#### WORK TO BE COMPLETED:
Drop every picture, then transcribe the remaining data exactly.

#### SUPPLIED MATERIAL:
== Segment start ==

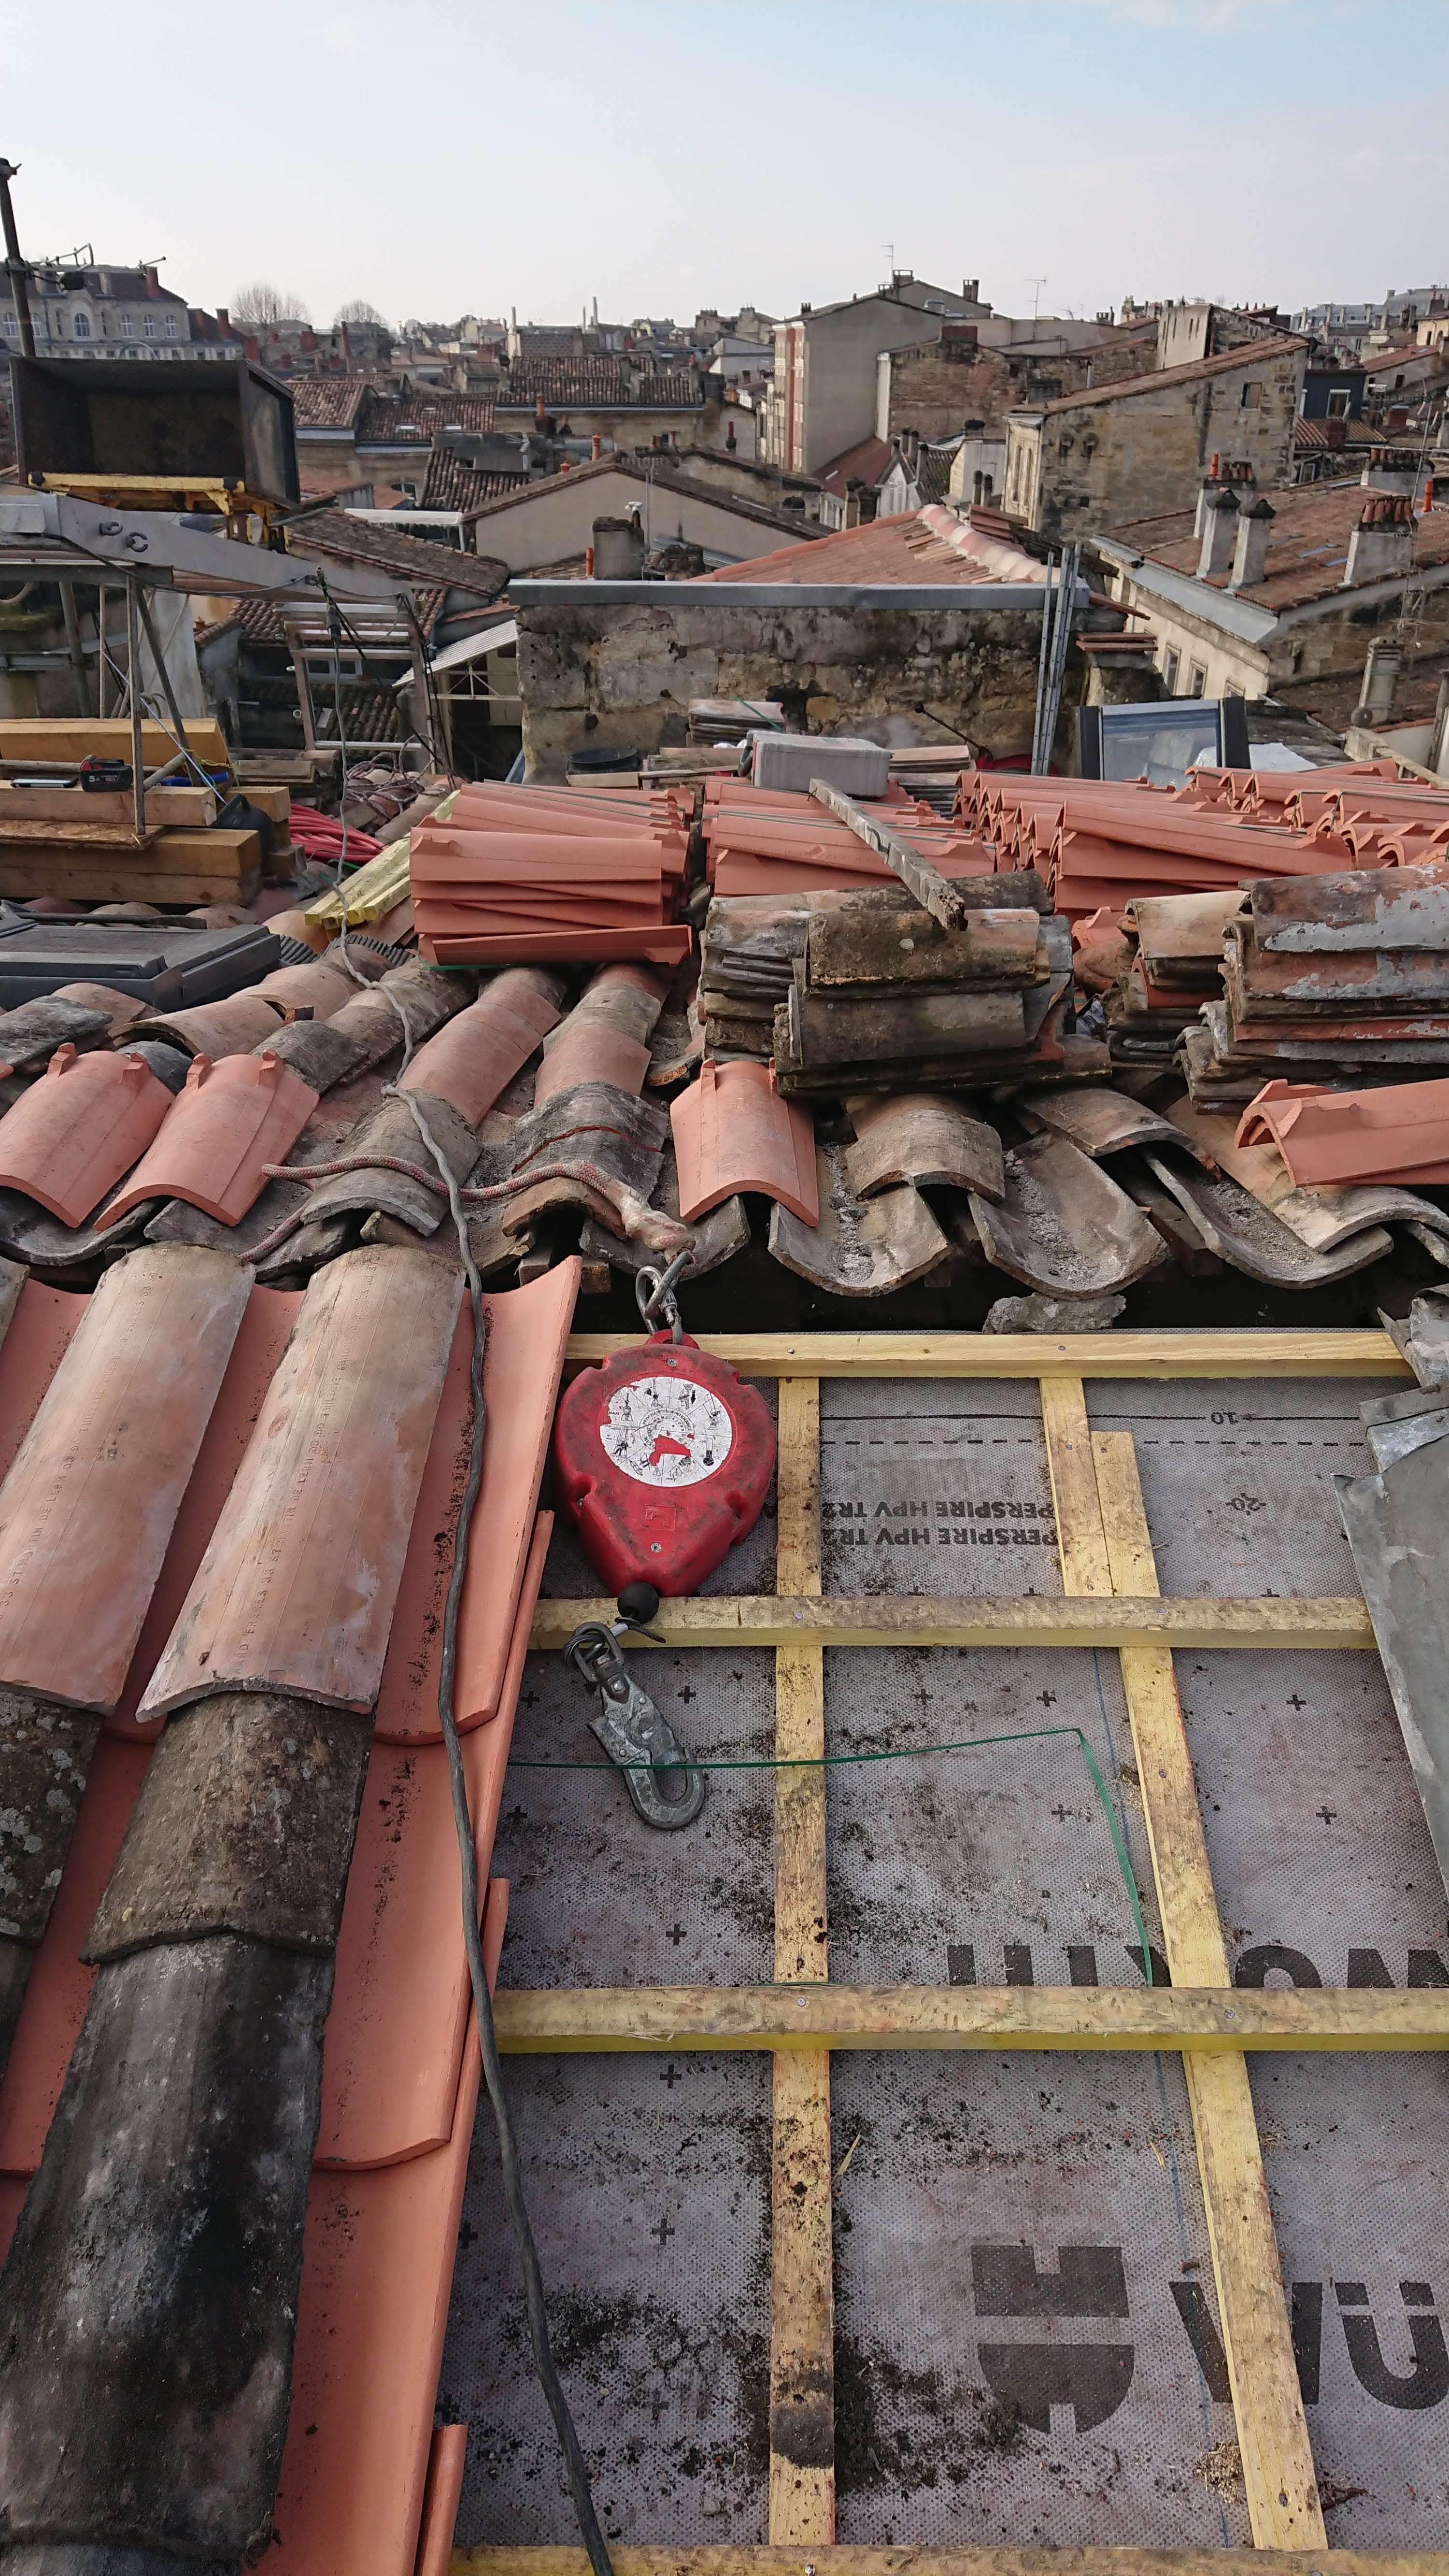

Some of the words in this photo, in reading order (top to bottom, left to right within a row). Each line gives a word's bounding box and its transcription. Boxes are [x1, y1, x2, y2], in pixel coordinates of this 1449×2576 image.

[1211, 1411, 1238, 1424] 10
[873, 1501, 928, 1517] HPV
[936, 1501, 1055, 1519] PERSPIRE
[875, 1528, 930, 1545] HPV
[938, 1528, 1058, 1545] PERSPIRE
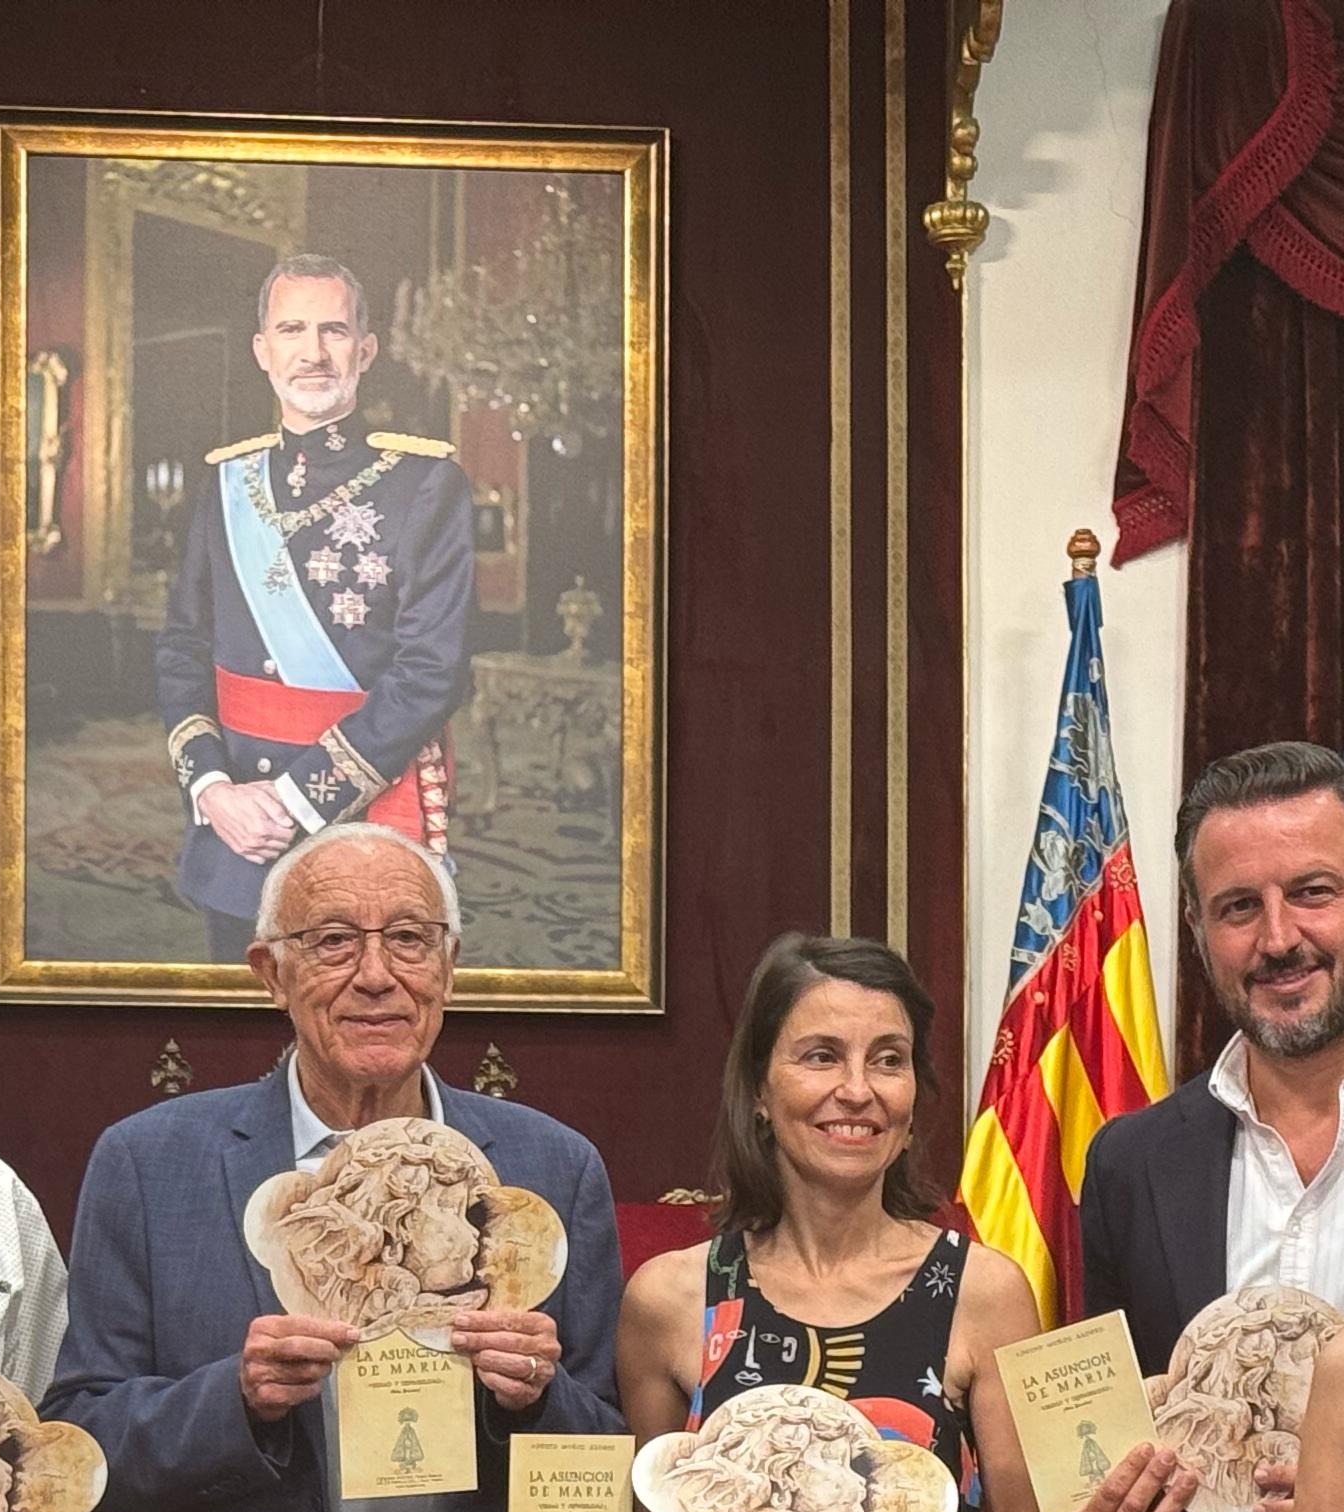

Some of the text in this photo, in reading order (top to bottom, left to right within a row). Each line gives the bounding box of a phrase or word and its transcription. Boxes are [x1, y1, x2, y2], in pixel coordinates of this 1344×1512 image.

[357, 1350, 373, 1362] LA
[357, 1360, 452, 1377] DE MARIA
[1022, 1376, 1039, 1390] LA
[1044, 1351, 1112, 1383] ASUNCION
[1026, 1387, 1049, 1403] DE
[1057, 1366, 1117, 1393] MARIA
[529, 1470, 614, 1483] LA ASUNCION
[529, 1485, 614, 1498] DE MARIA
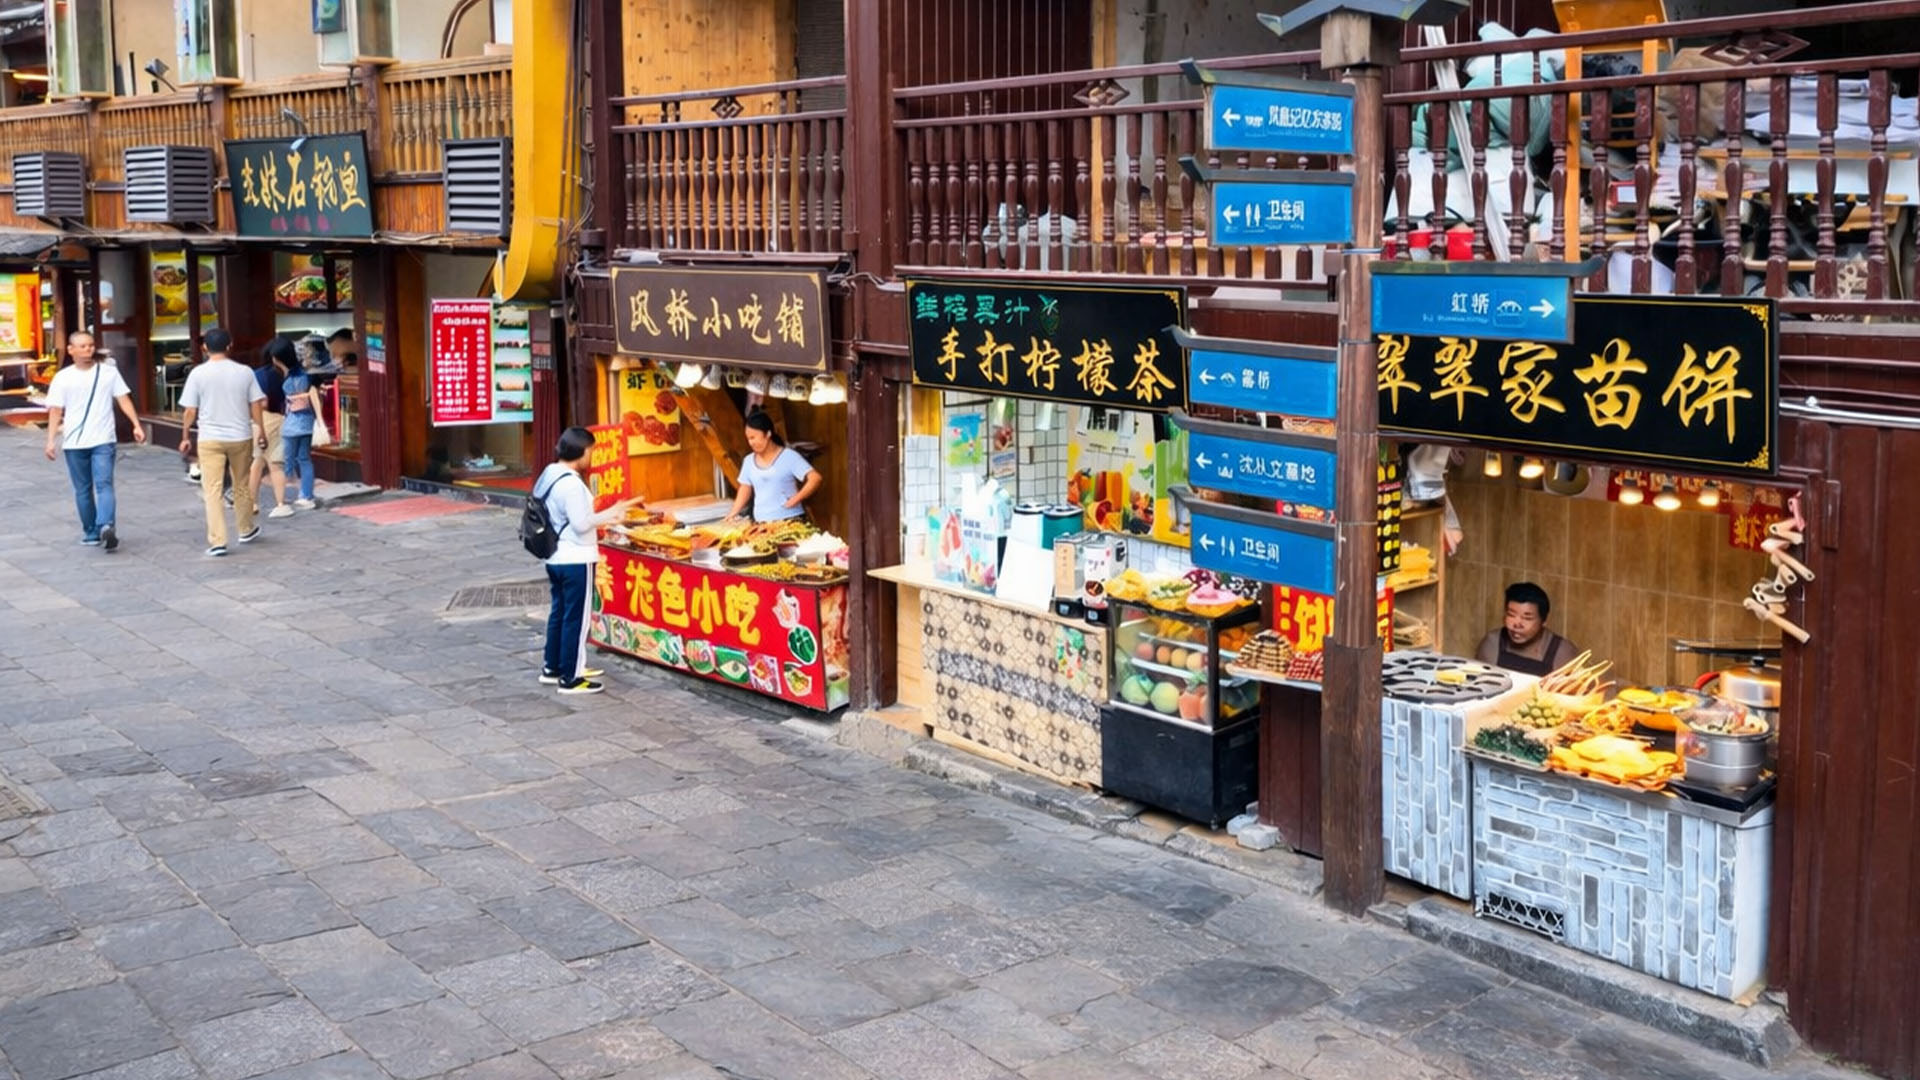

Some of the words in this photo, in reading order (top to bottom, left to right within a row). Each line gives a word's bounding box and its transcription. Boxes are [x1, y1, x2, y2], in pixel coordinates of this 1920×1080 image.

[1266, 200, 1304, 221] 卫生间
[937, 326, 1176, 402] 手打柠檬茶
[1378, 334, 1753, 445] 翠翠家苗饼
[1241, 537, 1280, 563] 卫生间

== Segment end ==

#### SOLVED EXERCISE:
Some of the words in this photo, in reading order (top to bottom, left to right within a row). Each line gives a word's bounding box and its transcription. Boxes are [x1, y1, x2, y2], in pixel coordinates of this 1449×2576 image.

[1211, 1411, 1238, 1424] 10
[873, 1501, 928, 1517] HPV
[936, 1501, 1055, 1519] PERSPIRE
[875, 1528, 930, 1545] HPV
[938, 1528, 1058, 1545] PERSPIRE

Some of the text in this photo, in reading order (top to bottom, left to right within a row). Each line gives the bounding box of a phrase or word and its transcription. Boxes are [x1, y1, x2, y2], in pixel coordinates of this 1344×1512 image.

[357, 1350, 373, 1362] LA
[357, 1360, 452, 1377] DE MARIA
[1022, 1376, 1039, 1390] LA
[1044, 1351, 1112, 1383] ASUNCION
[1026, 1387, 1049, 1403] DE
[1057, 1366, 1117, 1393] MARIA
[529, 1470, 614, 1483] LA ASUNCION
[529, 1485, 614, 1498] DE MARIA

Some of the words in this photo, in reading order (top to bottom, left to right within a row). Each line gives a word's bounding box and its transcription. Boxes are [x1, y1, x2, y2], in pixel coordinates of this 1920×1080 image.

[1266, 200, 1304, 221] 卫生间
[937, 326, 1176, 402] 手打柠檬茶
[1378, 334, 1753, 445] 翠翠家苗饼
[1241, 537, 1280, 563] 卫生间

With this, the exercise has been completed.